Figure 4
ILK/β-catenin/p63 signaling cascade expressed by human OMECs isolated by dispase II/trypsin-EDTA (D/T) or collagenase (Col).
(A,B) Upon OMEC attachment to the basement membrane via integrin receptors, ILK is phosphorylated and activated. This not only phosphorylates and activates AKT but also phosphorylates and inactivates GSK-3β, such that β-catenin can avoid degradation and translocate to the nucleus. In the nucleus, β-catenin works with other transcription factors, such as TCF4, to turn on Wnt-associated genes, such as ΔNp63 and cyclin D1, to promote cell proliferation (activated ΔNp63 down-regulates p27KIP1). (C) Effect of ILK silencing on the signaling pathway.

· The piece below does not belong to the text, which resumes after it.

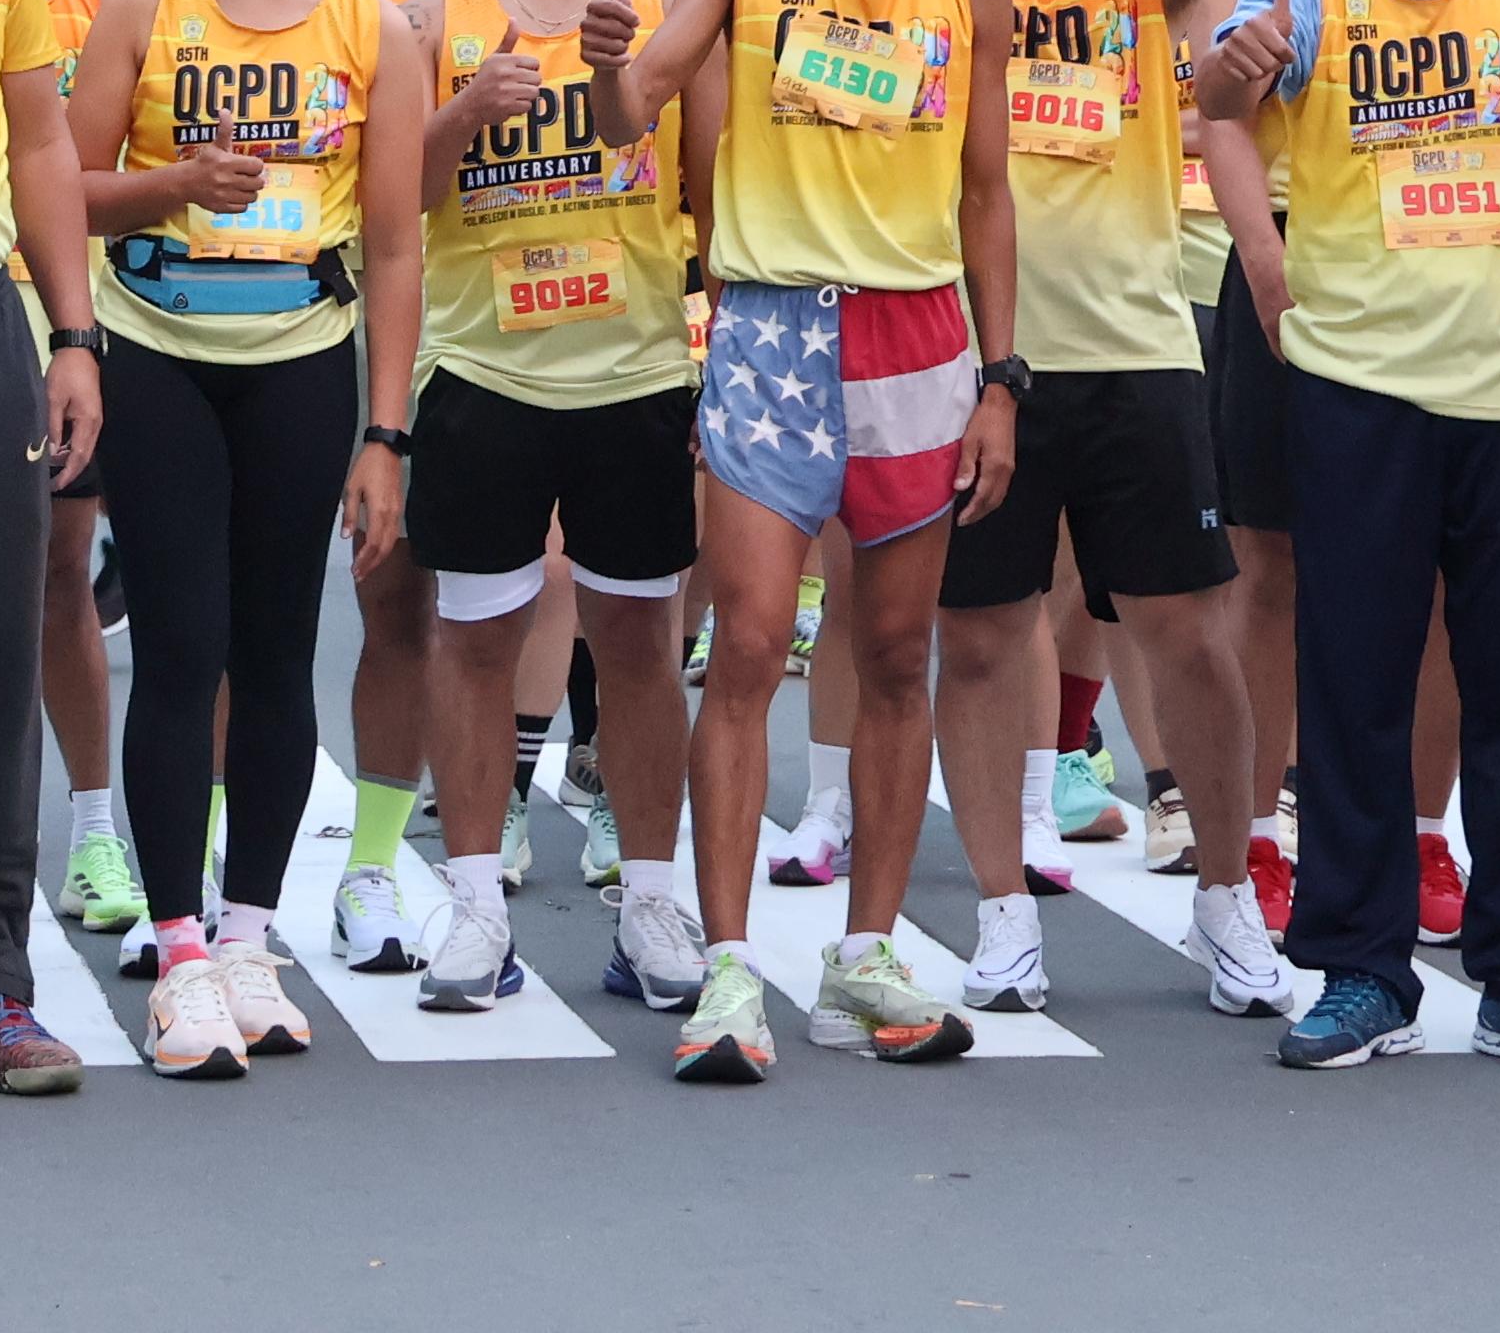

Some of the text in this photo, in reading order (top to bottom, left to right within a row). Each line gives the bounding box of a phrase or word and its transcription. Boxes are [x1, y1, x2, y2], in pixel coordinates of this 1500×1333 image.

The causal relationship of the ILK/β-catenin/p63 pathway was confirmed by transfecting ILK siRNA into OMECs isolated by collagenase. Consequently, when the ILK pathway was blocked, nuclear β-catenin translocation, p63 expression, and cell cycle mediators were all significantly suppressed. (D) The immunoreactive band density of each experiment was quantified, first by normalization by the density of internal control (GAPDH or histone H3), then the relative signal intensity was expressed as D/T group divided by Col. group (with or without ILK silencing). Data are expressed as mean ± SD from three independent experiments. *p < 0.05. #Two test results with samples pooled from three donors.